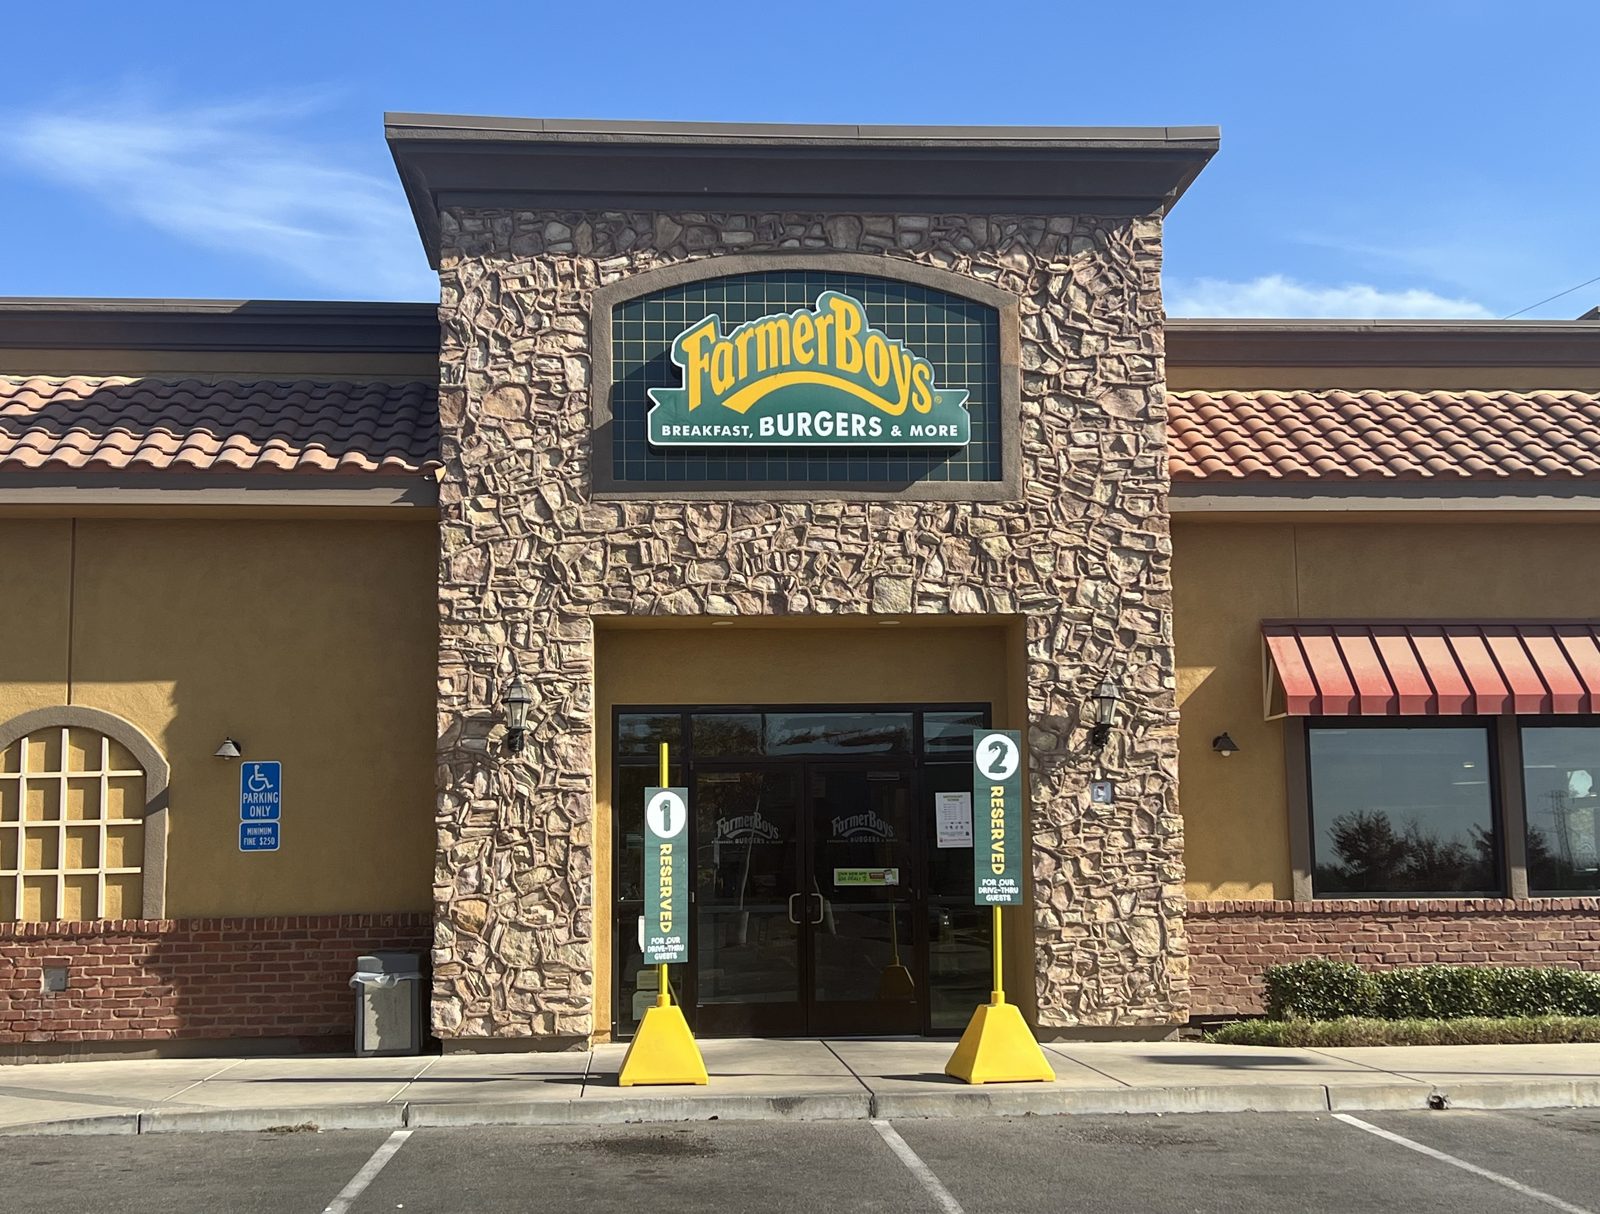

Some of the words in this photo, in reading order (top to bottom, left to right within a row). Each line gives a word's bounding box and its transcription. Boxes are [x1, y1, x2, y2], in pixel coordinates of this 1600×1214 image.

[661, 424, 754, 439] BREAKFAST,
[759, 411, 882, 438] BURGERS
[890, 425, 902, 437] &
[909, 424, 958, 437] MORE
[988, 740, 1008, 774] 2
[243, 792, 278, 803] PARKING
[249, 806, 270, 816] ONLY
[659, 799, 670, 831] 1
[247, 827, 271, 835] MINIMUM
[990, 785, 1004, 874] RESERVED
[243, 837, 255, 845] FINE
[259, 837, 274, 845] $250
[659, 843, 672, 932] RESERVED
[654, 952, 677, 960] GUESTS
= = = = =
▸ EXERCISE DESCRIPTION: Repeat every record above exactly, but drop the pictures.

▸ OUTPUT OF THE EXERCISE:
Some of the words in this photo, in reading order (top to bottom, left to right within a row). Each line gives a word's bounding box and its transcription. Boxes are [x1, y1, x2, y2], in pixel coordinates of this 1600×1214 image.

[661, 424, 754, 439] BREAKFAST,
[759, 411, 882, 438] BURGERS
[890, 425, 902, 437] &
[909, 424, 958, 437] MORE
[988, 740, 1008, 774] 2
[243, 792, 278, 803] PARKING
[249, 806, 270, 816] ONLY
[659, 799, 670, 831] 1
[247, 827, 271, 835] MINIMUM
[990, 785, 1004, 874] RESERVED
[243, 837, 255, 845] FINE
[259, 837, 274, 845] $250
[659, 843, 672, 932] RESERVED
[654, 952, 677, 960] GUESTS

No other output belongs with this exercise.